In order to make our map, we’ll want to merge on the latitude and longitude of the principal city for each metro.

We are going to use the us.cities data that comes with the maps library. To get the cbsa locations, we need to merge on the principal city of each metro area to the us.cities data. The us.cities file has the latitude and longitude of many U.S. cities.

The U.S. Census Bureau has convenient files here that will allows us to map U.S. cities to metro areas. We can grab a mapping of principal cities to CBSA and merge to the us.cities data. I’ve also added metro population (in 2015), which will be useful for sorting later.

I’ve also created a utility file that has the principal state and Census Region and Census Division for that principal state for each metro area. I’ve called that region.txt.

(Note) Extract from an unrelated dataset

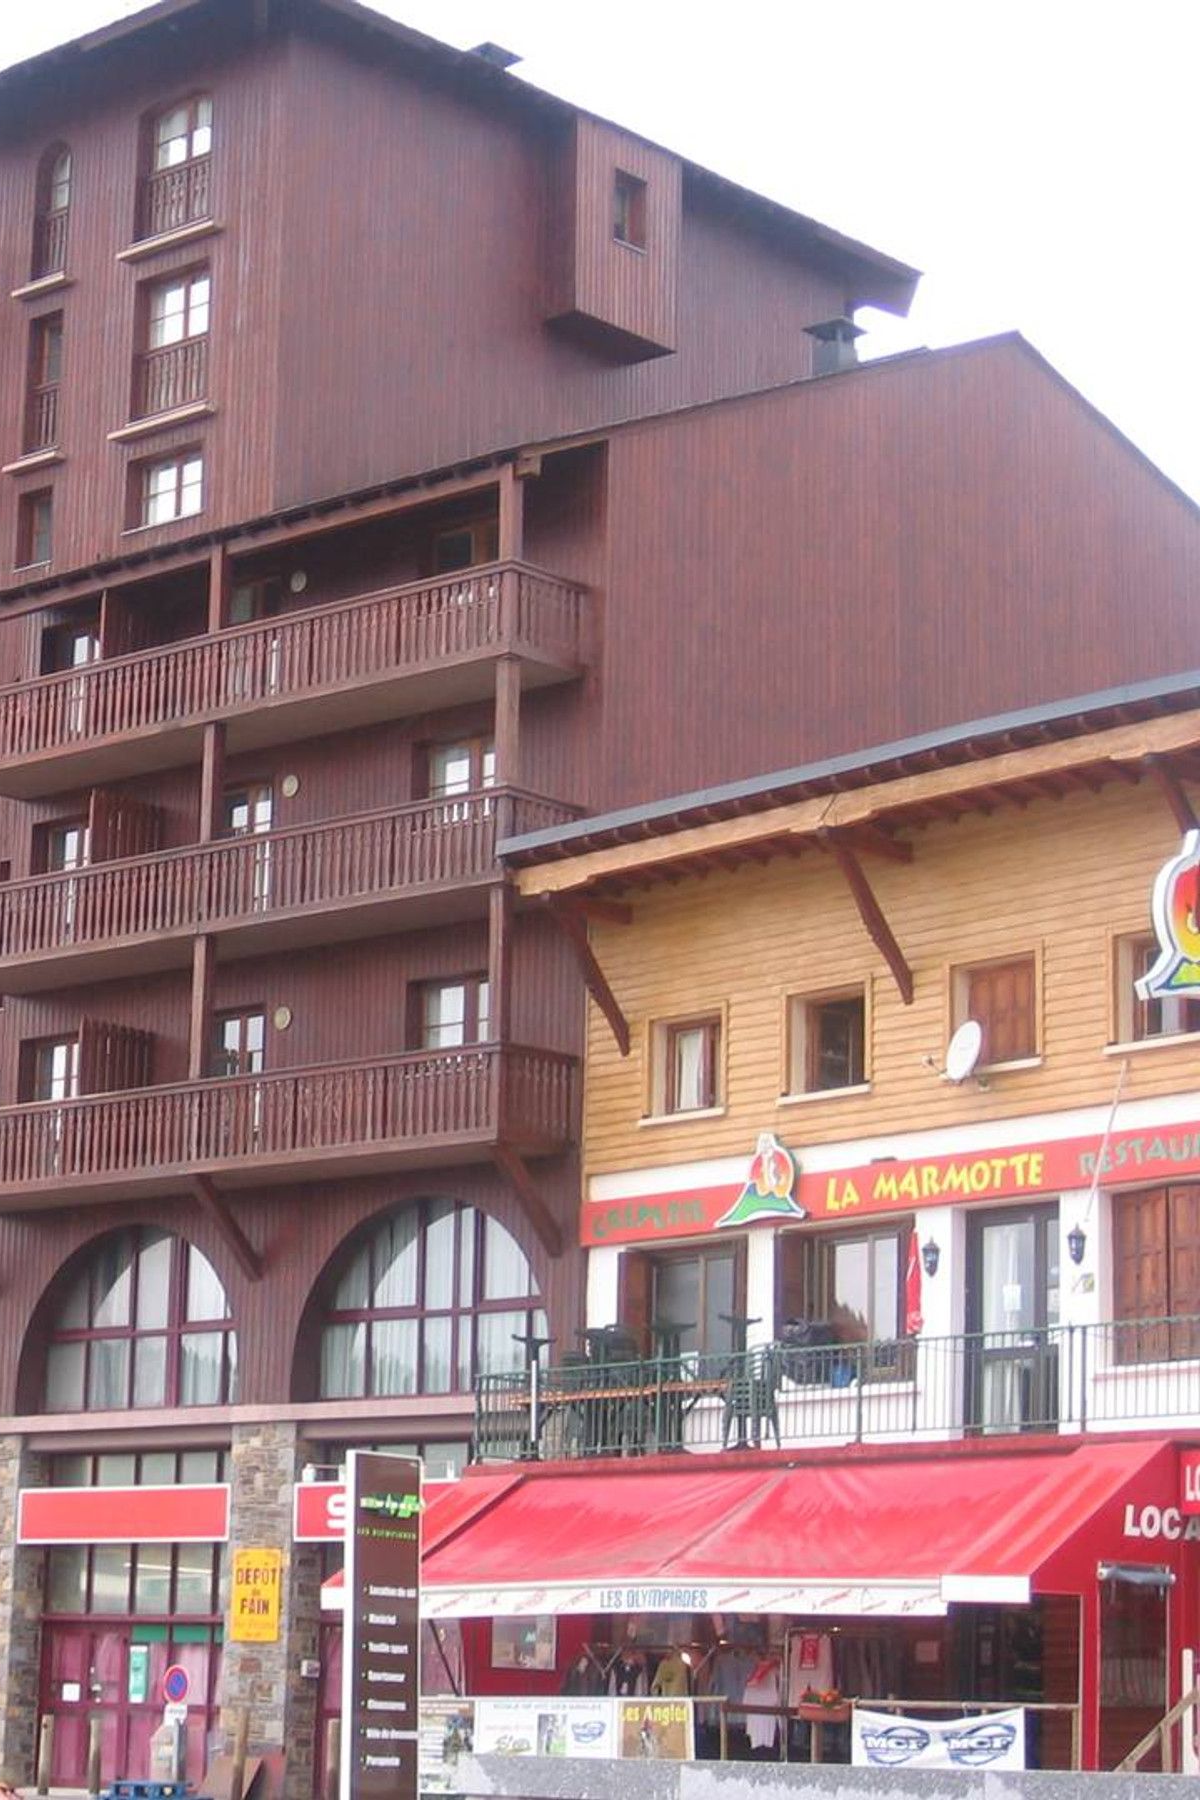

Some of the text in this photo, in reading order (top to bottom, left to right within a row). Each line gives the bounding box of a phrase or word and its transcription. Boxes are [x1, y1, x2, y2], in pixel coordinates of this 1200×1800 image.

In summary, we’ll need these three files:

Armed with these files we can run the following data preparation code:

################################################
## Load libraries
################################################
library(tidyverse)
## Loading tidyverse: ggplot2
## Loading tidyverse: tibble
## Loading tidyverse: tidyr
## Loading tidyverse: readr
## Loading tidyverse: purrr
## Loading tidyverse: dplyr
## Conflicts with tidy packages ----------------------------------------------
## filter(): dplyr, stats
## lag():    dplyr, stats
library(data.table)
## 
## Attaching package: 'data.table'
## The following objects are masked from 'package:dplyr':
## 
##     between, first, last
## The following object is masked from 'package:purrr':
## 
##     transpose
library(viridis)  #we want pretty colors later
## Loading required package: viridisLite
library(maps)
## 
## Attaching package: 'maps'
## The following object is masked from 'package:purrr':
## 
##     map
library(scales)
## 
## Attaching package: 'scales'
## The following object is masked from 'package:purrr':
## 
##     discard
## The following object is masked from 'package:readr':
## 
##     col_factor
#### HRBRTHEMES ################################

### Run to install #############################
#devtools::install_github("hrbrmstr/hrbrthemes")
library(hrbrthemes)
library(gcookbook)
library(extrafont)
## Registering fonts with R
################################################

source("code/multiplot.R")

data(us.cities) # from the package maps
cbsa.data <-fread("data/cbsa.city.txt") #our first utility file
cbsa.metro<-cbsa.data[metro.micro=="Metropolitan Statistical Area"]

#create lowercase names
cbsa.metro[,nameL:=tolower(name)]
us.cities<-data.table(us.cities)[,nameL:=tolower(name)]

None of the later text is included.